• _Instructions to follow_: Below are some records; output exactly the lines from the line with "this 1600×1055 image." to the line with "this 1440×1080 image.", both ends kept, and nothing more.

• _Available records_:
____

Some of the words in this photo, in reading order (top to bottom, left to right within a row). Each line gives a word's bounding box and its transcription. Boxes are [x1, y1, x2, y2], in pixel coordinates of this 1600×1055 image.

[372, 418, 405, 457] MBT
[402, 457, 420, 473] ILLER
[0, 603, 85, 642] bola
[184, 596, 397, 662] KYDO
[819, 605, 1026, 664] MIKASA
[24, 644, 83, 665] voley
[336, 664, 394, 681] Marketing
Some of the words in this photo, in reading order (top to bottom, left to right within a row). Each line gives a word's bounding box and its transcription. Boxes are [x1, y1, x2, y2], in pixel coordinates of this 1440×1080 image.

____

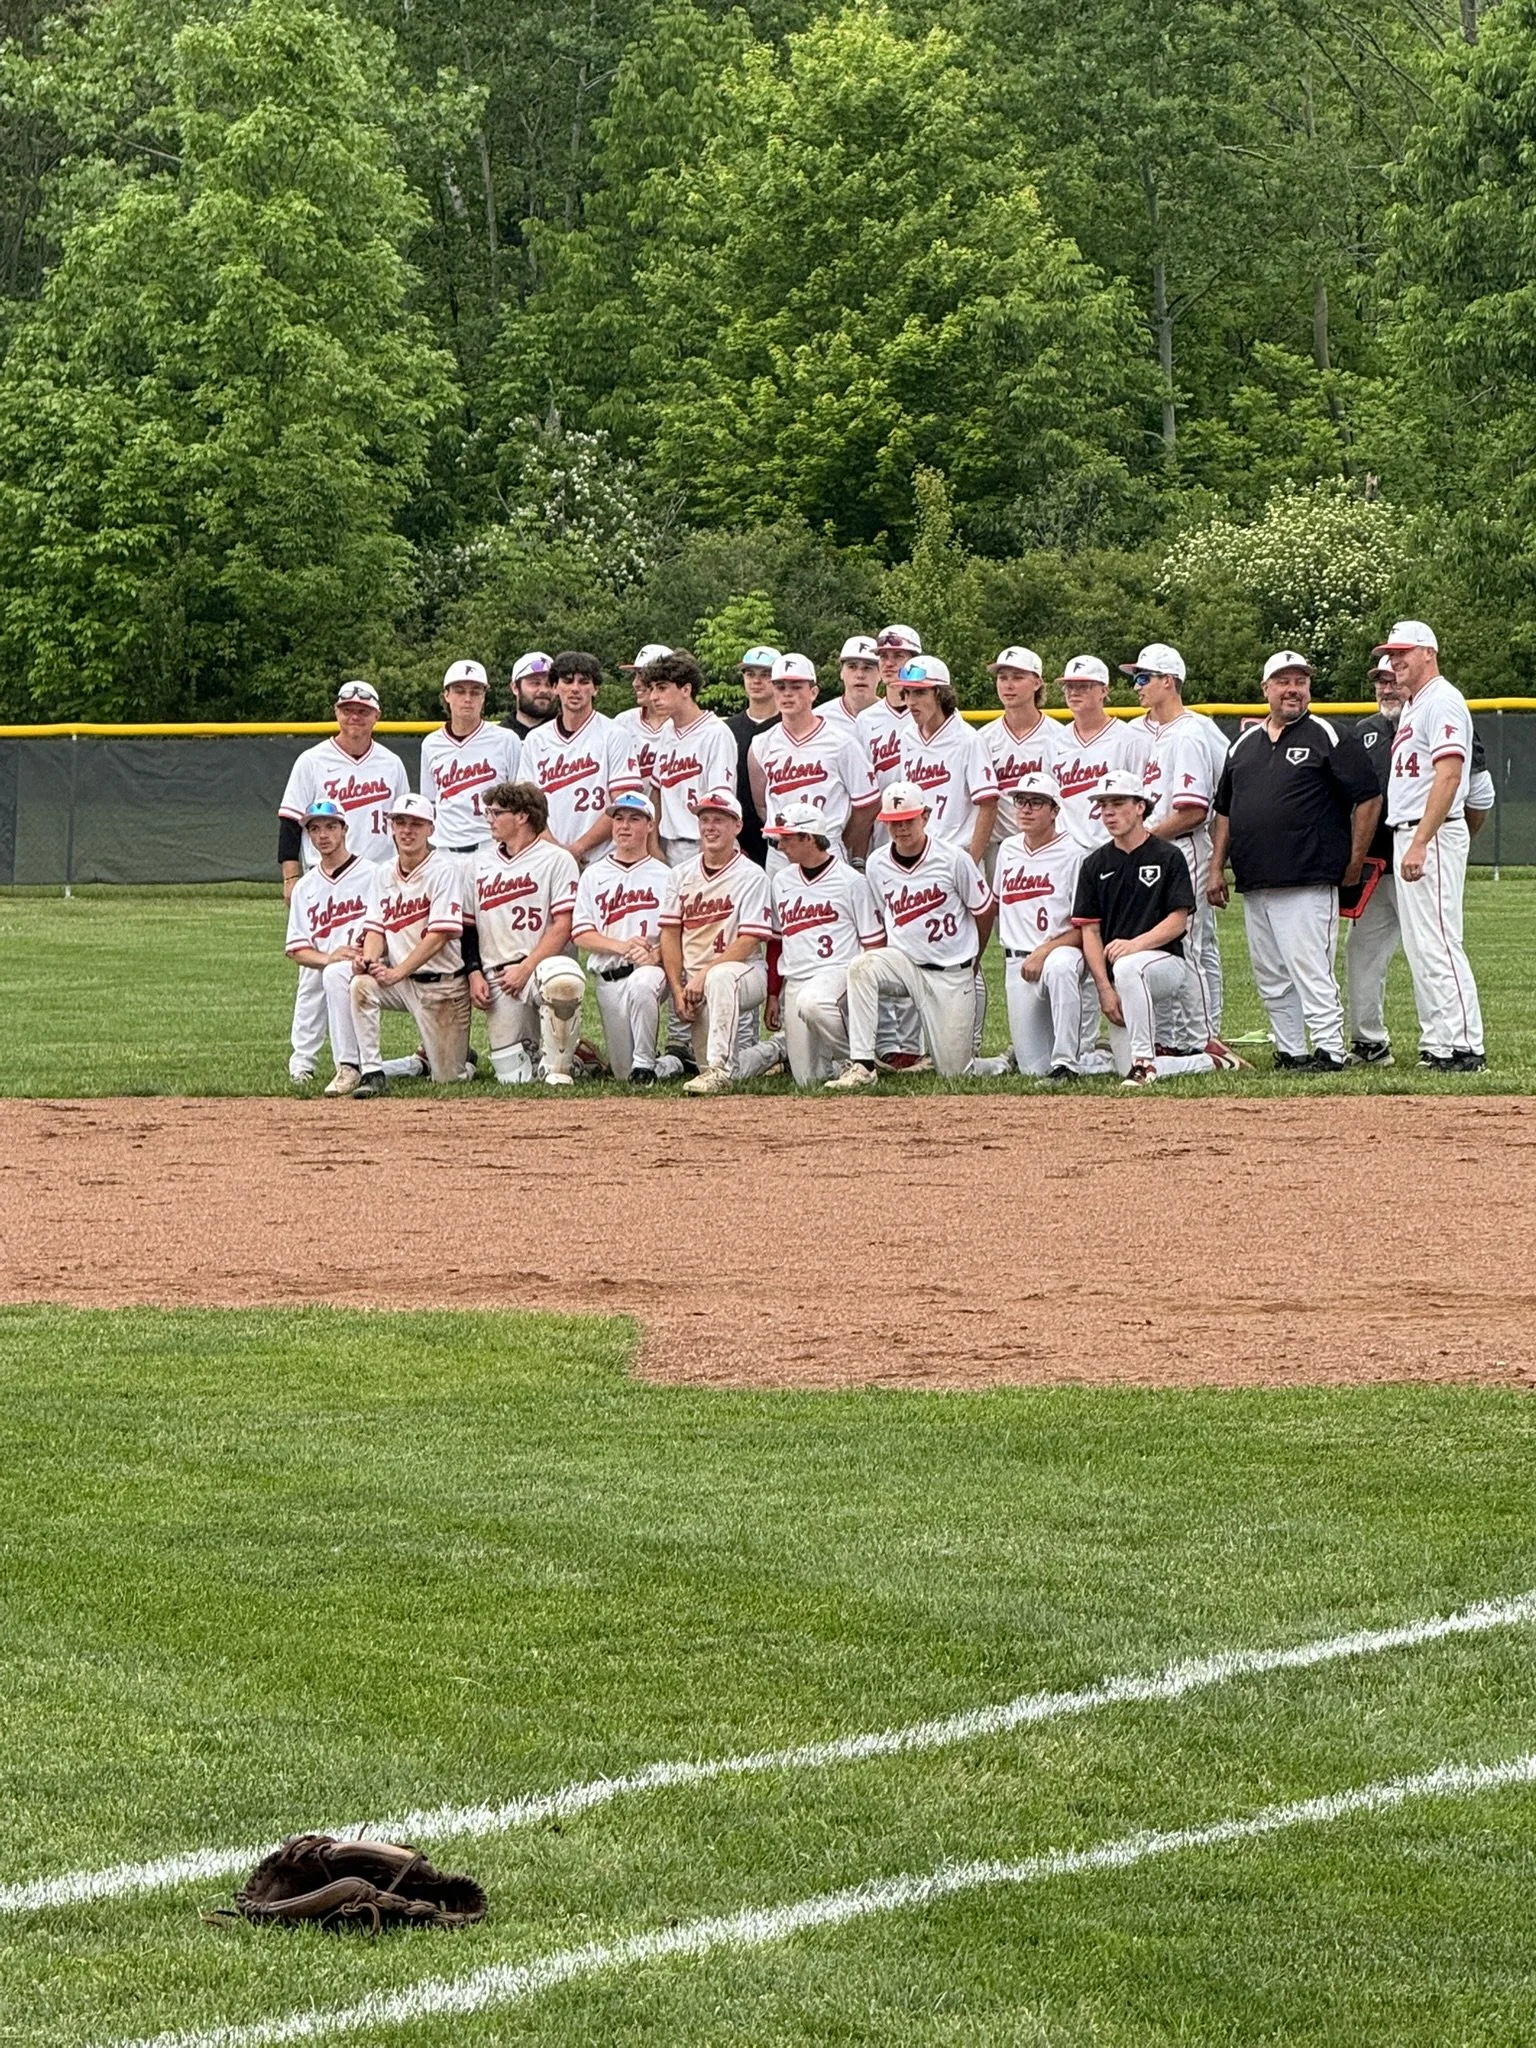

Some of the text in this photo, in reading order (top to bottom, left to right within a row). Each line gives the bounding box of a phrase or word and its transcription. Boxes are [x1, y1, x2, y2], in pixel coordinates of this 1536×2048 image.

____

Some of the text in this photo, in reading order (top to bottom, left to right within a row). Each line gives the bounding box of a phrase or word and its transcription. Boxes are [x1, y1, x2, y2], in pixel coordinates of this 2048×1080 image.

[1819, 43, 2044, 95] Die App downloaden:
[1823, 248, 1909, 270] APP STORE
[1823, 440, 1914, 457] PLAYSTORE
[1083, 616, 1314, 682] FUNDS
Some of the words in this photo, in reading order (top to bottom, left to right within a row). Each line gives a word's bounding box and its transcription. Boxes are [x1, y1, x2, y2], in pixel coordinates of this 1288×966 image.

____

• _Reply_:
Some of the words in this photo, in reading order (top to bottom, left to right within a row). Each line gives a word's bounding box and its transcription. Boxes are [x1, y1, x2, y2], in pixel coordinates of this 1600×1055 image.

[372, 418, 405, 457] MBT
[402, 457, 420, 473] ILLER
[0, 603, 85, 642] bola
[184, 596, 397, 662] KYDO
[819, 605, 1026, 664] MIKASA
[24, 644, 83, 665] voley
[336, 664, 394, 681] Marketing
Some of the words in this photo, in reading order (top to bottom, left to right within a row). Each line gives a word's bounding box and its transcription. Boxes are [x1, y1, x2, y2], in pixel coordinates of this 1440×1080 image.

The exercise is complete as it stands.